Give back all of the data exactly as it stands, with the pictures removed.

(Phrase grounding data)
= Beginning of Section =
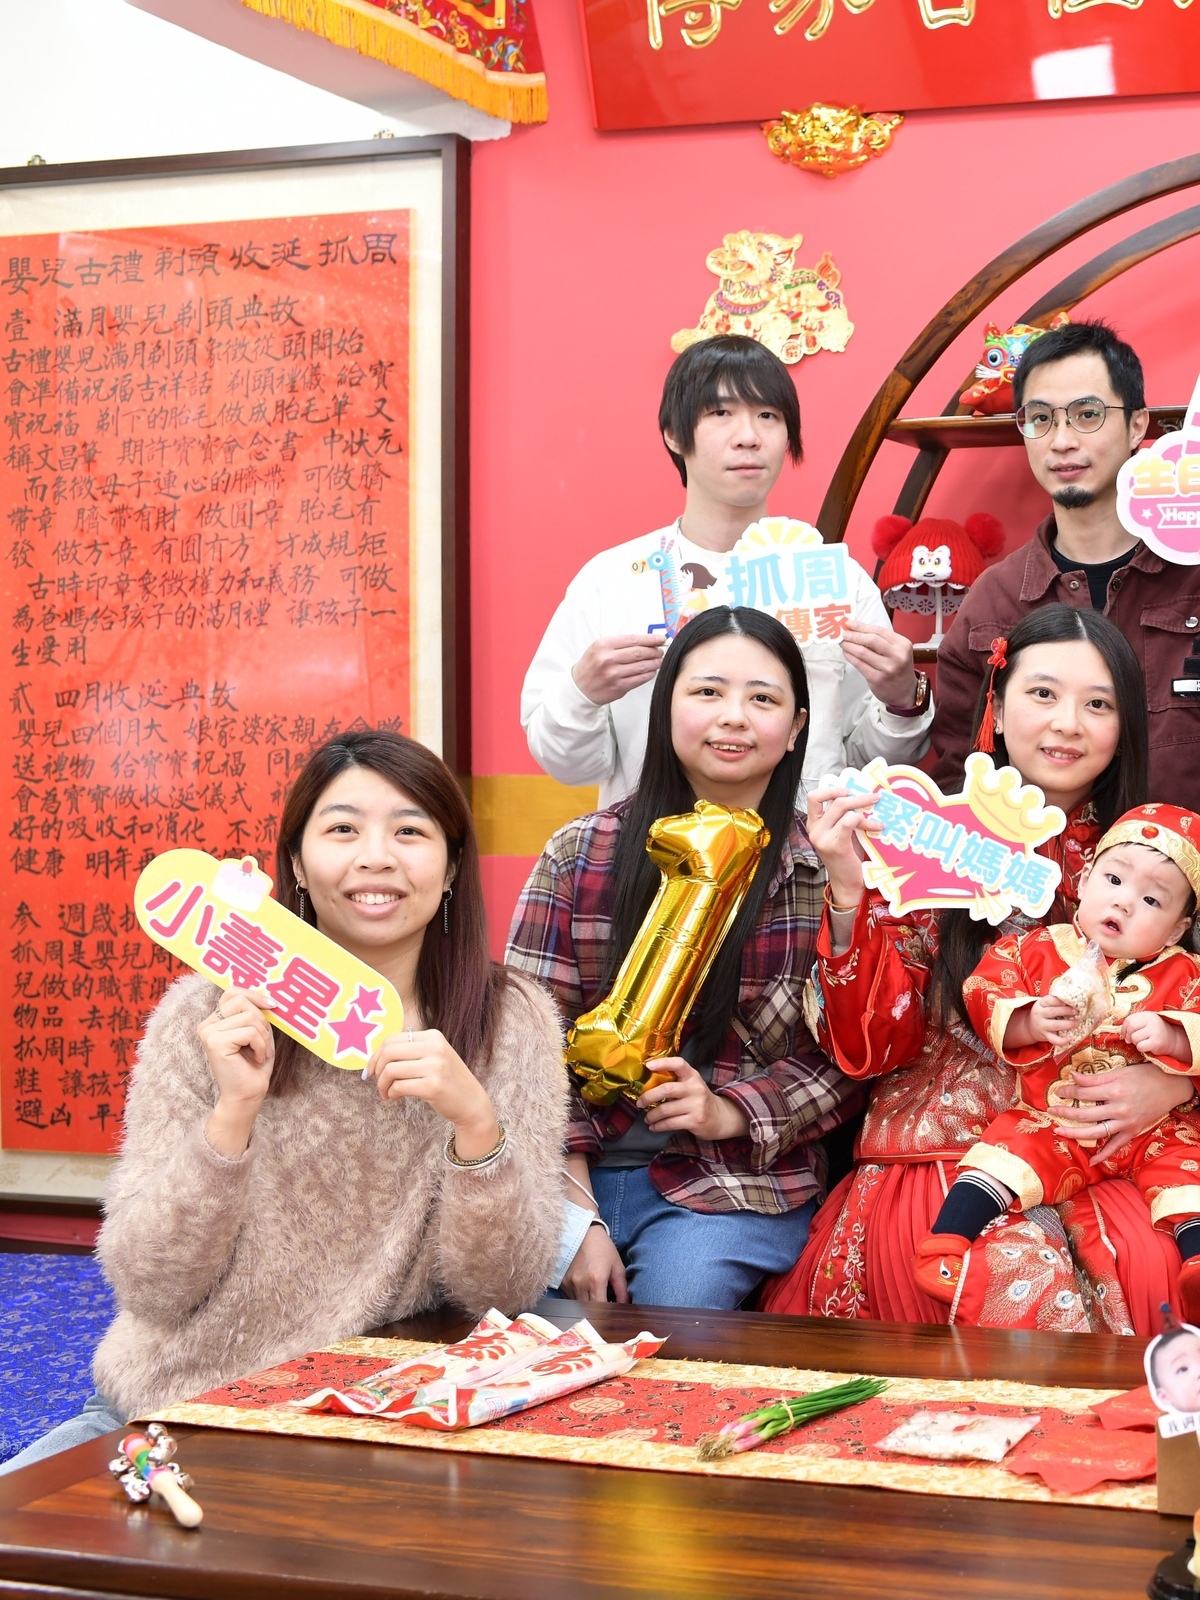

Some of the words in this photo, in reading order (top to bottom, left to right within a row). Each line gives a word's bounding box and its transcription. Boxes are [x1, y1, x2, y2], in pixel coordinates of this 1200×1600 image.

[5, 308, 31, 343] 壹
[366, 397, 395, 422] 又
[5, 539, 35, 569] 發
[725, 547, 848, 607] 抓周
[775, 604, 852, 642] 傳家
[9, 681, 35, 715] 貳
[12, 717, 168, 748] 嬰兒四個月大
[9, 811, 206, 844] 好的吸收和消化
[9, 846, 66, 879] 健康
[11, 939, 193, 973] 抓周是嬰兒周
[145, 881, 340, 1040] 小壽星
[13, 1003, 64, 1030] 物品
[13, 1034, 95, 1067] 抓周時
[14, 1068, 42, 1096] 鞋
[15, 1098, 71, 1129] 避凶
= End of Section =
**ANSWER SECTION**:
Some of the words in this photo, in reading order (top to bottom, left to right within a row). Each line gives a word's bounding box and its transcription. Boxes are [x1, y1, x2, y2], in pixel coordinates of this 1200×1600 image.

[5, 308, 31, 343] 壹
[366, 397, 395, 422] 又
[5, 539, 35, 569] 發
[725, 547, 848, 607] 抓周
[775, 604, 852, 642] 傳家
[9, 681, 35, 715] 貳
[12, 717, 168, 748] 嬰兒四個月大
[9, 811, 206, 844] 好的吸收和消化
[9, 846, 66, 879] 健康
[11, 939, 193, 973] 抓周是嬰兒周
[145, 881, 340, 1040] 小壽星
[13, 1003, 64, 1030] 物品
[13, 1034, 95, 1067] 抓周時
[14, 1068, 42, 1096] 鞋
[15, 1098, 71, 1129] 避凶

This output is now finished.